YOUR INSTRUCTIONS
Only the pictures should be left out; write out all other data exactly.

(Image-backed grounding data)
——

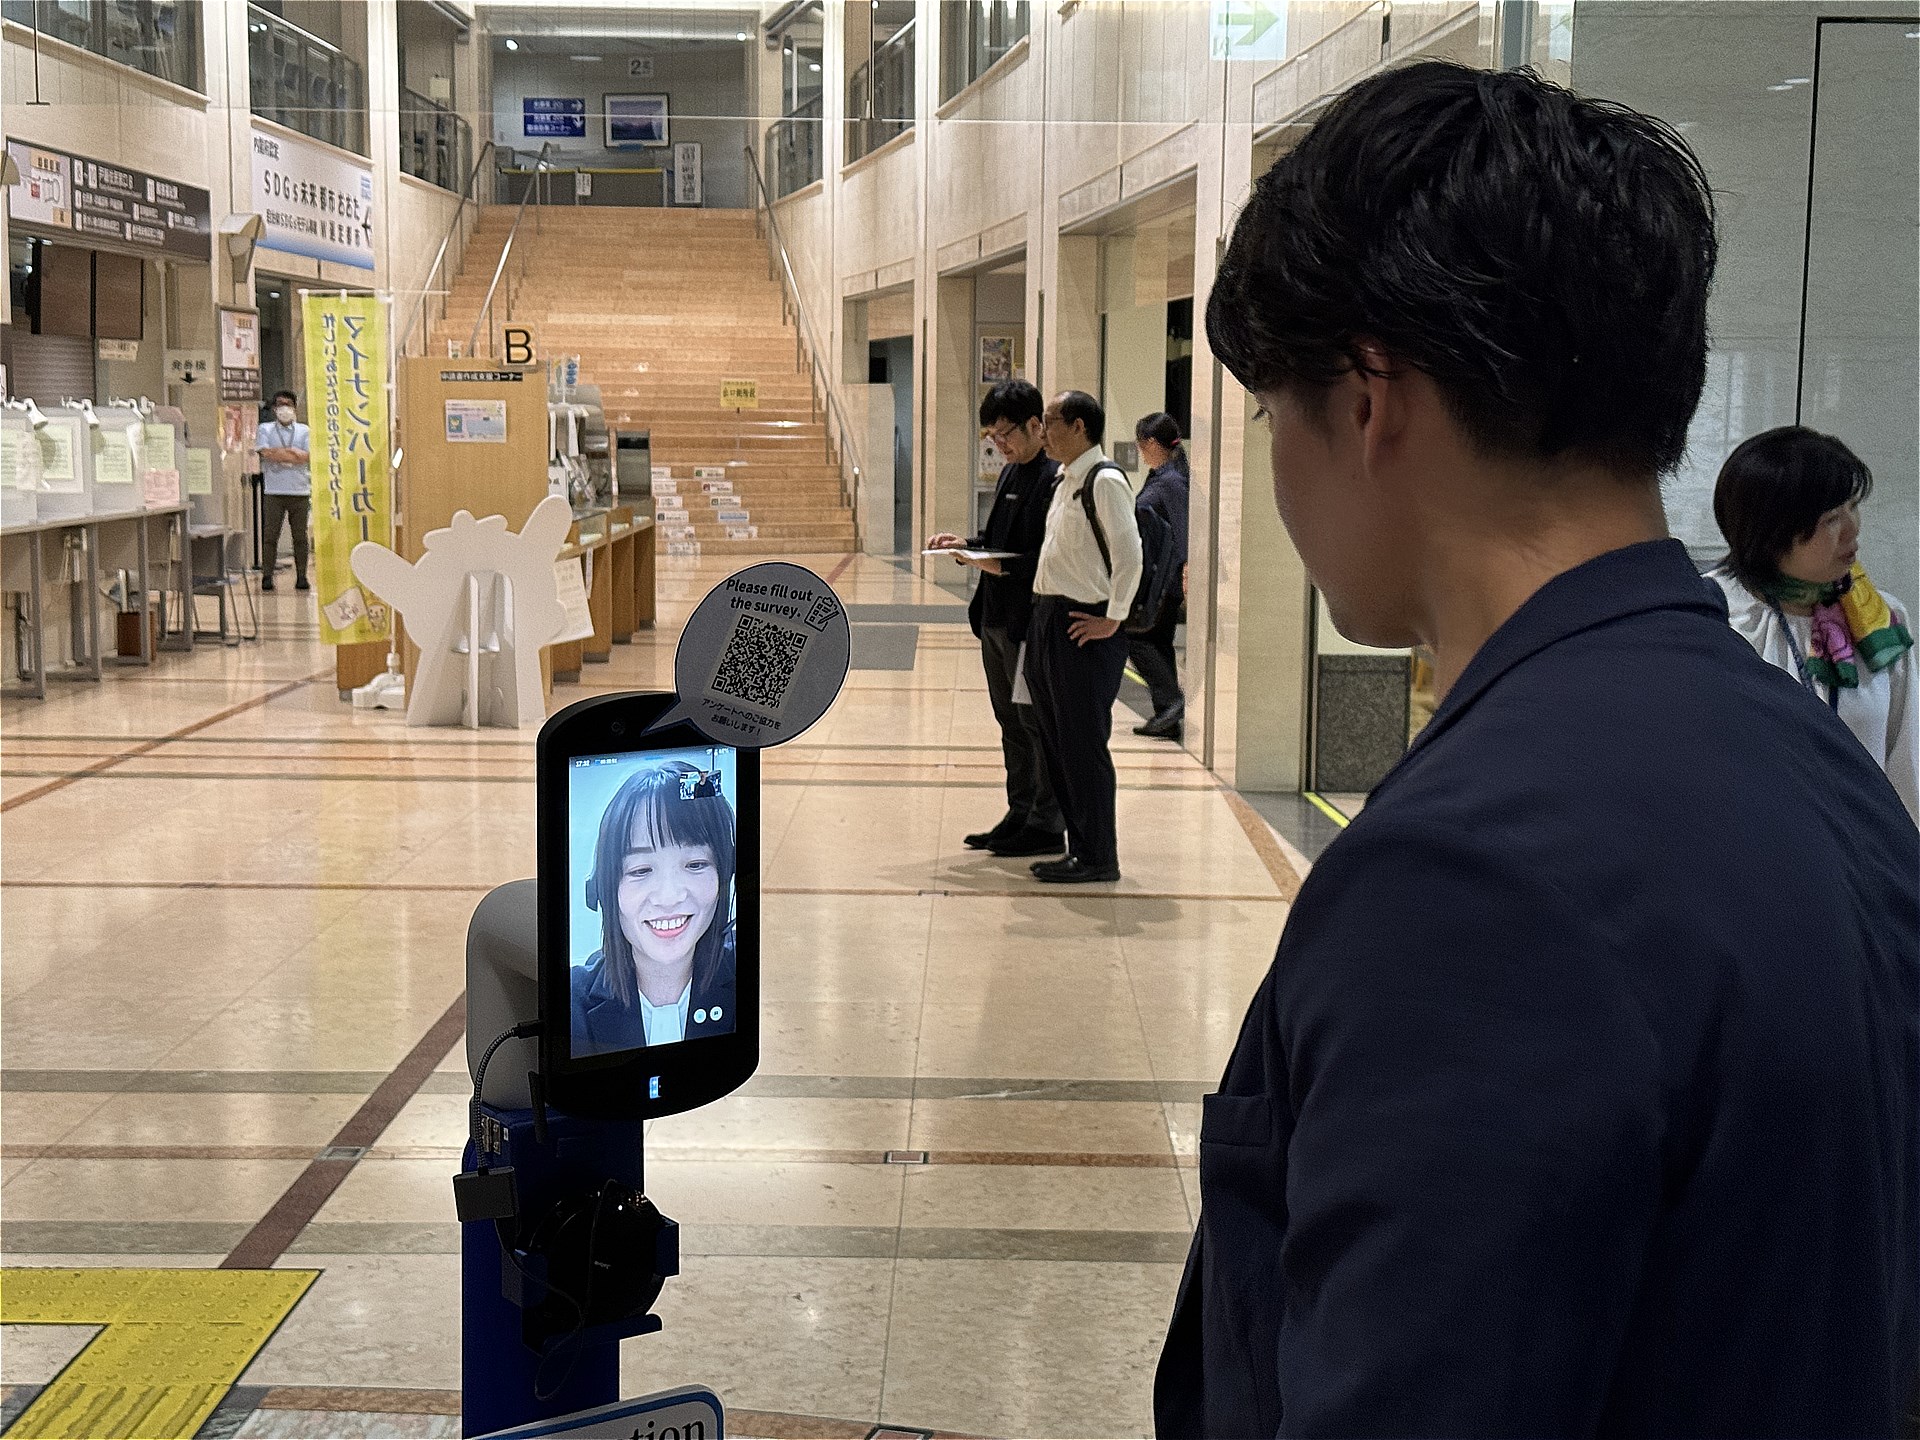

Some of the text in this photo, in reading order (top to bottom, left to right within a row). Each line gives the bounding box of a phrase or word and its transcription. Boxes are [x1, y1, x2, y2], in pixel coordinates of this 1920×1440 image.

[264, 170, 360, 221] SDGs未来都市おおた
[505, 328, 534, 364] B
[726, 578, 813, 602] Please fill out
[731, 596, 801, 620] the survey.
[702, 698, 782, 730] アンケートへのご協力を
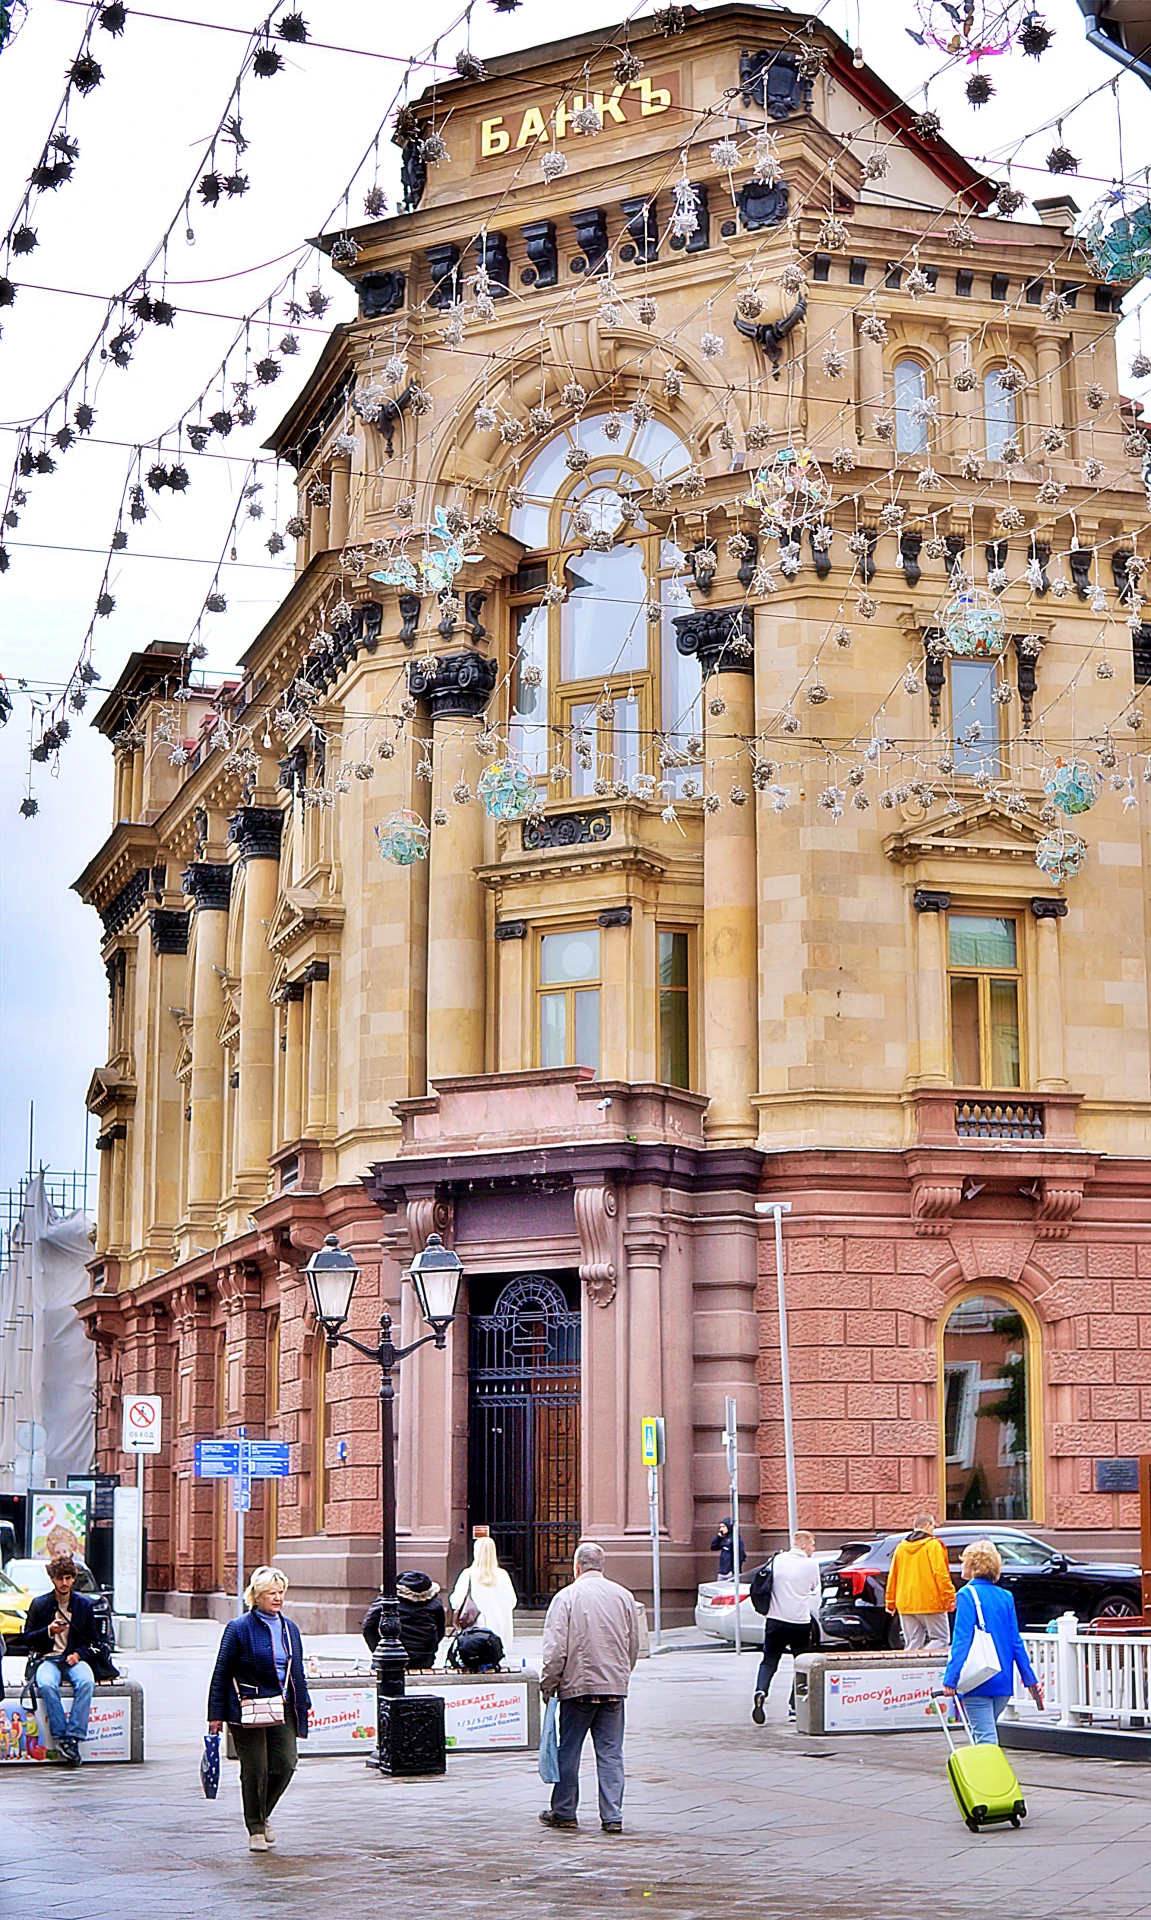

——

RESULT OF THE EXERCISE
Some of the text in this photo, in reading order (top to bottom, left to right within a row). Each line gives the bounding box of a phrase or word and its transcription. Boxes are [x1, y1, x2, y2], in pixel coordinates of this 1920×1440 image.

[264, 170, 360, 221] SDGs未来都市おおた
[505, 328, 534, 364] B
[726, 578, 813, 602] Please fill out
[731, 596, 801, 620] the survey.
[702, 698, 782, 730] アンケートへのご協力を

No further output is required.